Rappelez-vous, entre 2013 et 2014, le régime auto-entrepreneur fut très décrié. Non pas par les Français qui étaient près de 90% à le soutenir, mais surtout par les Chambres des Métiers qui hurlaient à la concurrence déloyale.
Résultat, après diverses concertations, il avait notamment été imposé de complexifier l'inscription pour les artisans, via l'immatriculation, et même de la rendre payante à travers l'obligation du SPI (stage de préparation à l'installation). Les commerçants ont aussi eu droit à des formalités plus lourdes. L'objectif ? Rendre le parcours d’inscription aussi compliqué que pour les autres statuts, en d'autres termes, la simplicité de l'auto-entreprise devait laisser place à un peu de complexité tant les Français étaient nombreux à l'adopter. Un pari réussi puisque le nombre de créations d'auto-entreprises n'a jamais été aussi bas.
Une chute significative de créations d'auto-entreprises
Était-ce le but recherché ? On est en droit de se poser la question. Évidemment, complexifier lourdement le parcours d'inscription ne pouvait que casser la dynamique autour de l'auto-entreprise. Ainsi, la nombre de créations d'auto-entreprises est en net repli cette année, comparé à la même période en 2014 (Janvier > Mai) : - 15%
Le comparatif mois par mois est éloquent :
L'inscription rapide en ligne purement et simplement supprimée
Si avant une simple formalité en ligne permettait à chaque Français de créer son entreprise simplement, c'est désormais révolu ! A chaque type d'activité ses formalités et pour certains cela relève du parcours du combattant :
- Activité libérale : tout va bien ! Les formalités sont restées aussi simples qu'au premier jour. Il est toujours possible de s’inscrire rapidement en ligne via lautoentrepreneur.fr.

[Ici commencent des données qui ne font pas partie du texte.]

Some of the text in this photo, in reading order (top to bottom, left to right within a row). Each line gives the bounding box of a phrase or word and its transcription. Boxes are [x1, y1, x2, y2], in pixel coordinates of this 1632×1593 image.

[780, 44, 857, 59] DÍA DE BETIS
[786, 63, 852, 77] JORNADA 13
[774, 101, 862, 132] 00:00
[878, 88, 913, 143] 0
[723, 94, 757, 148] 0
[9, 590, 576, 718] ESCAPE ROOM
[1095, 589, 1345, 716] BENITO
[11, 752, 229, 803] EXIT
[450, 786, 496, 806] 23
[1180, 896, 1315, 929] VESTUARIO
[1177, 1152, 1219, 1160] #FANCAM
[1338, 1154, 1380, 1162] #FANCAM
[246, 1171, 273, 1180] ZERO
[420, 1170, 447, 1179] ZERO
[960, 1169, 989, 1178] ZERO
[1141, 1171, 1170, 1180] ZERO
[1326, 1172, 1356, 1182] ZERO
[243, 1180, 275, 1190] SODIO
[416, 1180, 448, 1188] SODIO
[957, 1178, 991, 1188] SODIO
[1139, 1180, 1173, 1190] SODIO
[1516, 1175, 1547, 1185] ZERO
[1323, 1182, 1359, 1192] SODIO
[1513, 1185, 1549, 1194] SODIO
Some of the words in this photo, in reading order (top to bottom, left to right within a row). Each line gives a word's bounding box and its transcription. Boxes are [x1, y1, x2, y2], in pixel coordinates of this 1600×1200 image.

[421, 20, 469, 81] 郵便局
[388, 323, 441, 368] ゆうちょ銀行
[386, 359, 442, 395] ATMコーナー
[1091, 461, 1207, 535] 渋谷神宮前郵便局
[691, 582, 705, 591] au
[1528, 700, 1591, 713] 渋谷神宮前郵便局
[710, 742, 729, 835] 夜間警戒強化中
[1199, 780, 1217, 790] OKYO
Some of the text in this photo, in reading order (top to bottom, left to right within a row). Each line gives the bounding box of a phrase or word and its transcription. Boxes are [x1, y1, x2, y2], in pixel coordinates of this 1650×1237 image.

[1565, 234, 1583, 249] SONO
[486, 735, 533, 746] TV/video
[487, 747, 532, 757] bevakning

- Activité commerciale : plus compliqué ! Désormais, pour entreprendre une activité commerciale, le déclarant doit s'immatriculer en CCI ou auprès du Greffe du tribunal du commerce. Il n'est donc plus question d'une simple télé-déclaration en ligne comme au début.
- Activité artisanale : le summum de la lourdeur. Êtes-vous très très très motivé ? C'est mieux si vous souhaitez lancer une activité artisanale sous le régime de l'auto-entreprise. Oubliez la formalité simple en ligne. Désormais il faut obligatoirement passer par la Chambre des Métiers et compléter un tas de formalités et autres justificatifs. Mais ce n'est pas fini. Il aussi obligatoire de passer le SPI (stage de préparation à l'installation). Son prix et son contenu varient d'une région à l'autre, comptez 250 euros en moyenne et 3 à 5 jours. "Du grand n'importe quoi" nous confiait un nouvel auto-entrepreneur. Pour ne rien arranger, les délais pour une place en SPI atteignent parfois plus de 4 mois... et impossible de lancer son activité avant de le passer !
CFE : La taxe illisible
Auto-entreprise rime de moins en moins avec simplicité. Et ça ne concerne pas que les formalités. Si, à sa création sous Nicolas Sarkozy, il était prévu que les cotisations et autres taxes soient lisibles et sans surprise, ce n'est plus vraiment le cas avec la CFE.
Désormais, tous les auto-entrepreneurs doivent la payer à compter de la 2ème année d'activité (en cas de création en 2015, l'auto-entrepreneur paiera sa première CFE en 2017 sur la base de son chiffre d'affaires de 2016). La grosse problématique de cette taxe ? Sa complexité et l'impossibilité de prévoir son montant exact ! Bref, l’inverse de la philosophie de base de l'auto-entreprise. Il existe cependant des plafonds en fonction du chiffre d'affaires réalisé :
La Fédération des Auto-Entrepreneurs très remontée
Face à cette situation qui mélange lourdeurs administratives et taxation illisible, la Fédération demande à ce qu'une nouvelle réflexion soit portée sur le régime, et notamment de :
- Revoir le SPI et permettre à d'autres organismes de le délivrer. En d'autres termes, supprimer l'exclusivité de ce stage aux Chambres des Métiers. Gregoire Leclercq nous explique "L'objectif est d'ouvrir ce stage à la concurrence pour gagner en qualité et en disponibilité. Évidemment, la concurrence permettra aussi une baisse des prix profitable aux créateurs. Tout cela va dans le sens de la simplicité. Rien ne justifie que seules les CMA puissent délivrer le SPI. Et les témoignages que nous recevons nous incitent encore à demander son ouverture à la concurrence.".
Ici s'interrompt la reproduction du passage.